RECORD EXTRACTS:

--- START ---

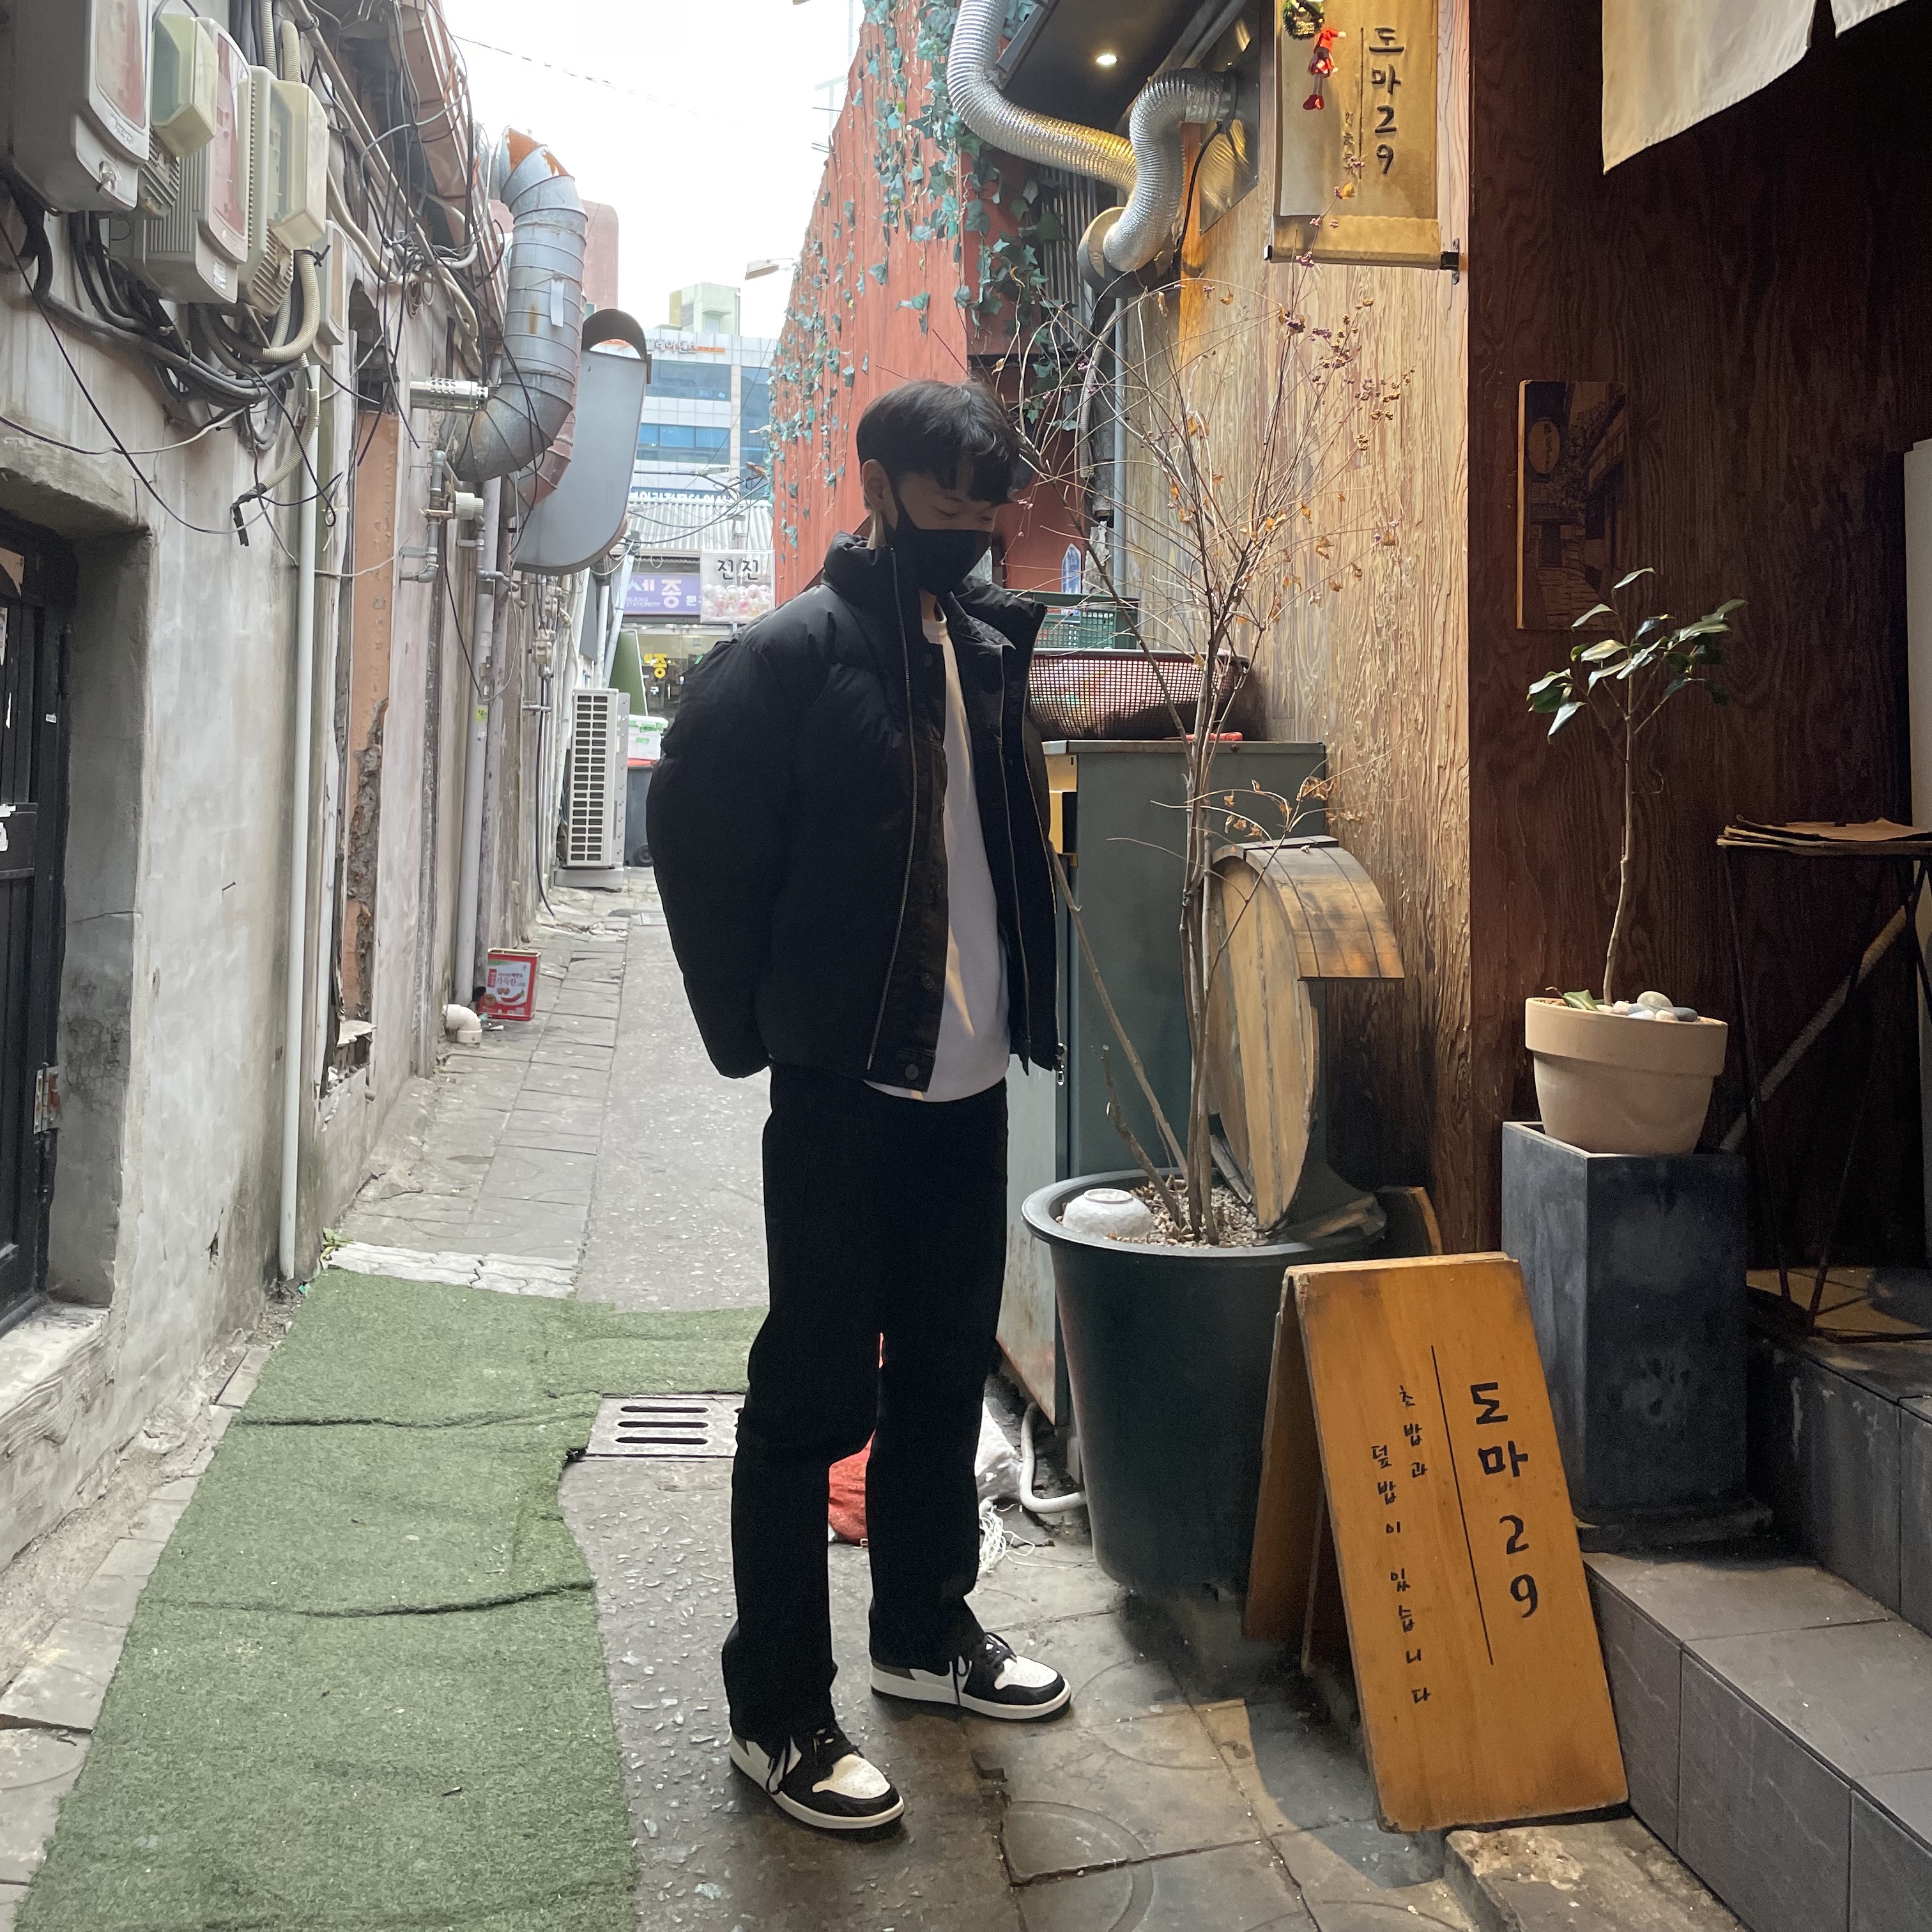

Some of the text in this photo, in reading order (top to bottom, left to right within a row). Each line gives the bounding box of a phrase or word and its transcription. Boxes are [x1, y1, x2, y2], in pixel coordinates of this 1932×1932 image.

[1369, 27, 1404, 174] 도마29
[1399, 1384, 1428, 1478] 초밥과
[1499, 1514, 1538, 1618] 29
[1390, 1567, 1431, 1705] 있습니다
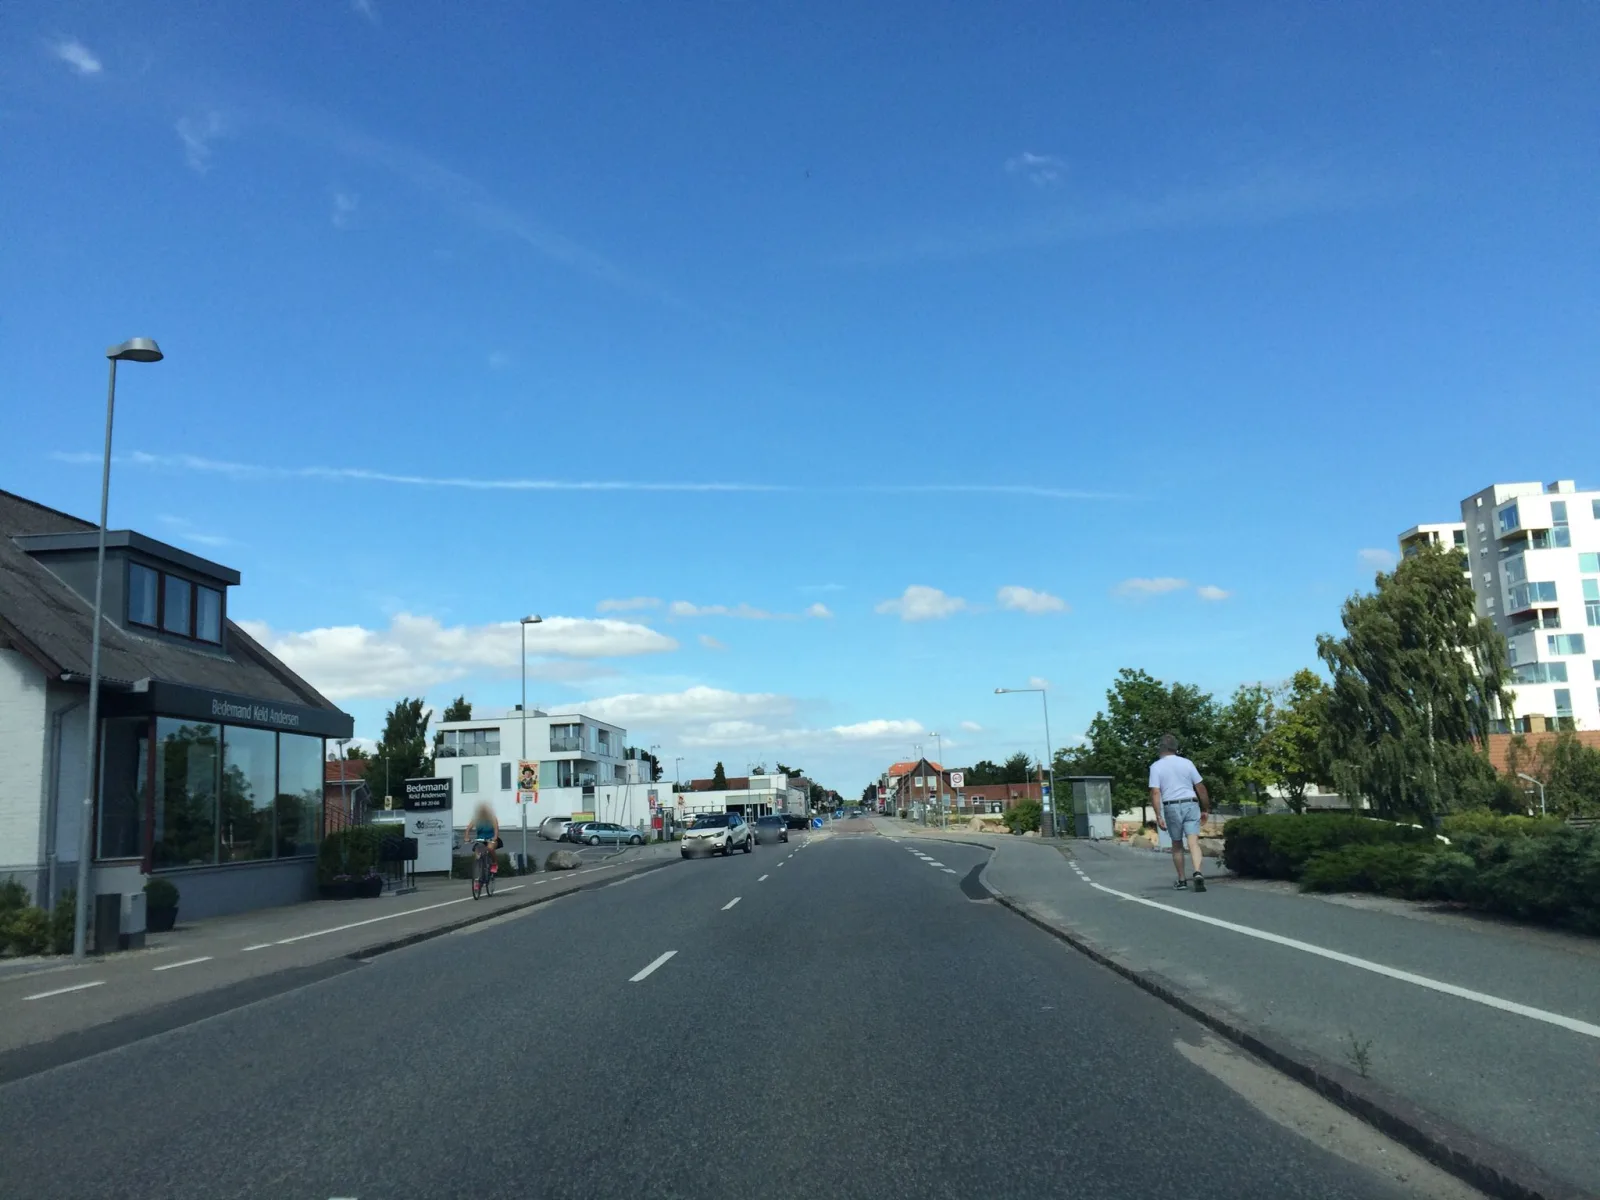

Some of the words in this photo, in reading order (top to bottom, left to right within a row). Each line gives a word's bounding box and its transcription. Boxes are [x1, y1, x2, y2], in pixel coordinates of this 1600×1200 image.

--- END ---

Would you mind repeating the records above exactly, without the pictures?

Some of the text in this photo, in reading order (top to bottom, left to right within a row). Each line gives the bounding box of a phrase or word and its transcription. Boxes are [x1, y1, x2, y2], in pixel coordinates of this 1932×1932 image.

[1369, 27, 1404, 174] 도마29
[1399, 1384, 1428, 1478] 초밥과
[1499, 1514, 1538, 1618] 29
[1390, 1567, 1431, 1705] 있습니다

Some of the words in this photo, in reading order (top to bottom, left to right within a row). Each line gives a word's bounding box and its transcription. Boxes are [x1, y1, x2, y2], in pixel coordinates of this 1600×1200 image.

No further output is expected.